▶ [What is being asked]: Make a verbatim copy of the records; pictures stay out.

▶ [Stored data]:
BEGIN

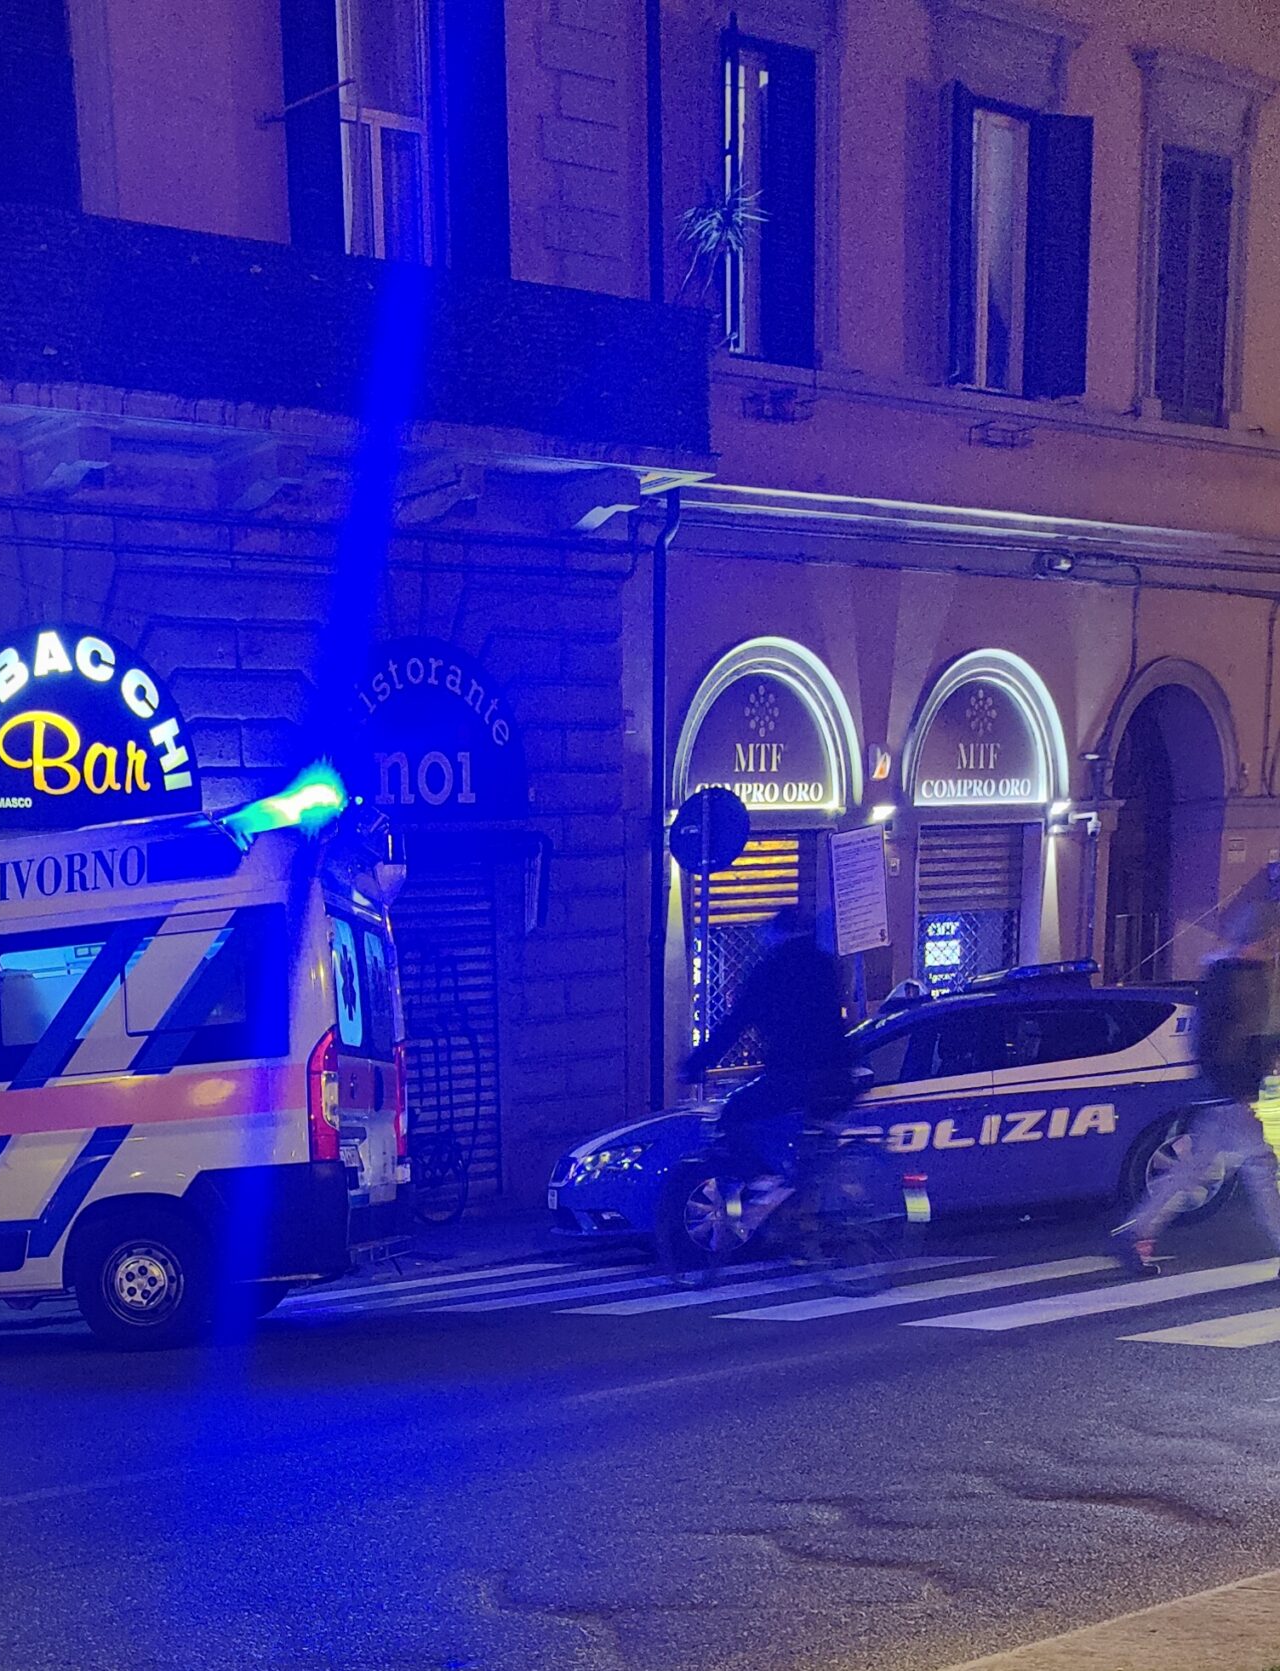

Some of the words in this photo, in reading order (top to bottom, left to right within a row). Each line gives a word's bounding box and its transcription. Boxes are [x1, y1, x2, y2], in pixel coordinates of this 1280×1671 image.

[734, 743, 784, 772] MTF
[956, 743, 1000, 769] MTF
[783, 783, 823, 802] ORO
[922, 779, 996, 798] COMPRO
[999, 778, 1031, 797] ORO
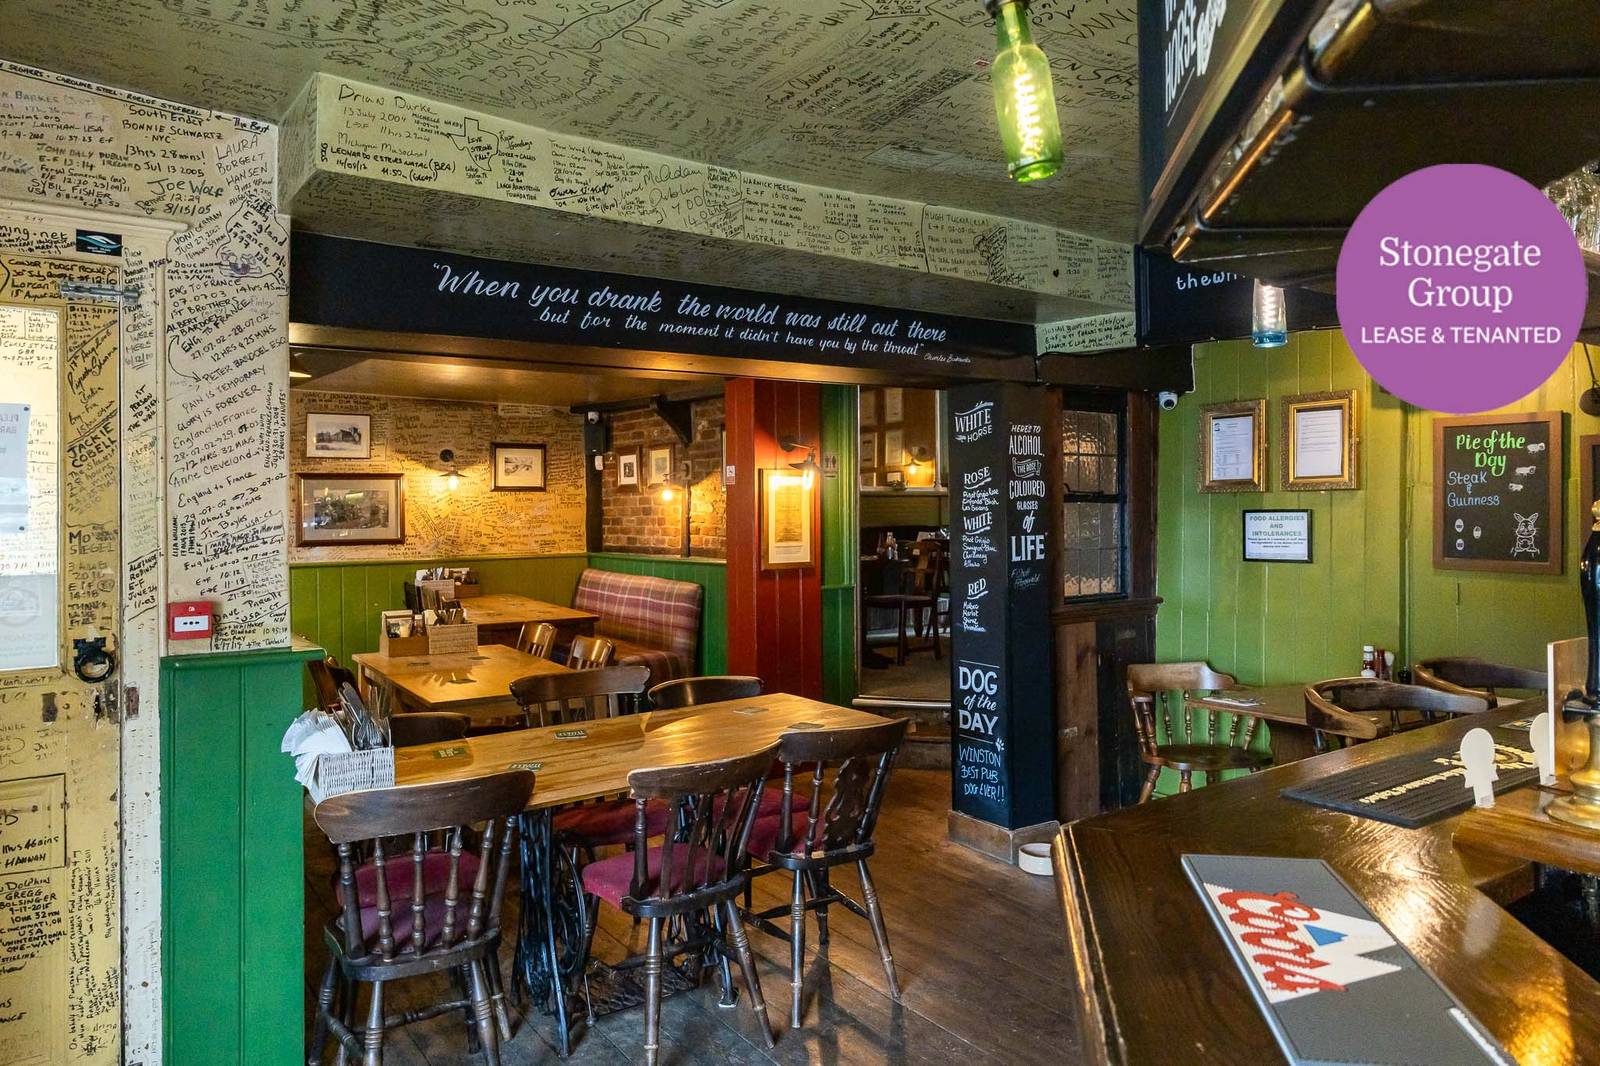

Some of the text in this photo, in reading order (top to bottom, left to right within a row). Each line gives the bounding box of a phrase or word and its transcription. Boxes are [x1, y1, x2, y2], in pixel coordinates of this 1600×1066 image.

END

▶ [Response below]:
Some of the words in this photo, in reading order (top to bottom, left to right within a row). Each line gives a word's bounding box and its transcription. Boxes are [x1, y1, x2, y2], in pixel coordinates of this 1280×1671 image.

[734, 743, 784, 772] MTF
[956, 743, 1000, 769] MTF
[783, 783, 823, 802] ORO
[922, 779, 996, 798] COMPRO
[999, 778, 1031, 797] ORO

Some of the text in this photo, in reading order (top to bottom, left to right within a row). Each line gives the bounding box of a phrase or word and its transcription. Boxes are [x1, y1, x2, y2], in pixel coordinates of this 1600×1066 image.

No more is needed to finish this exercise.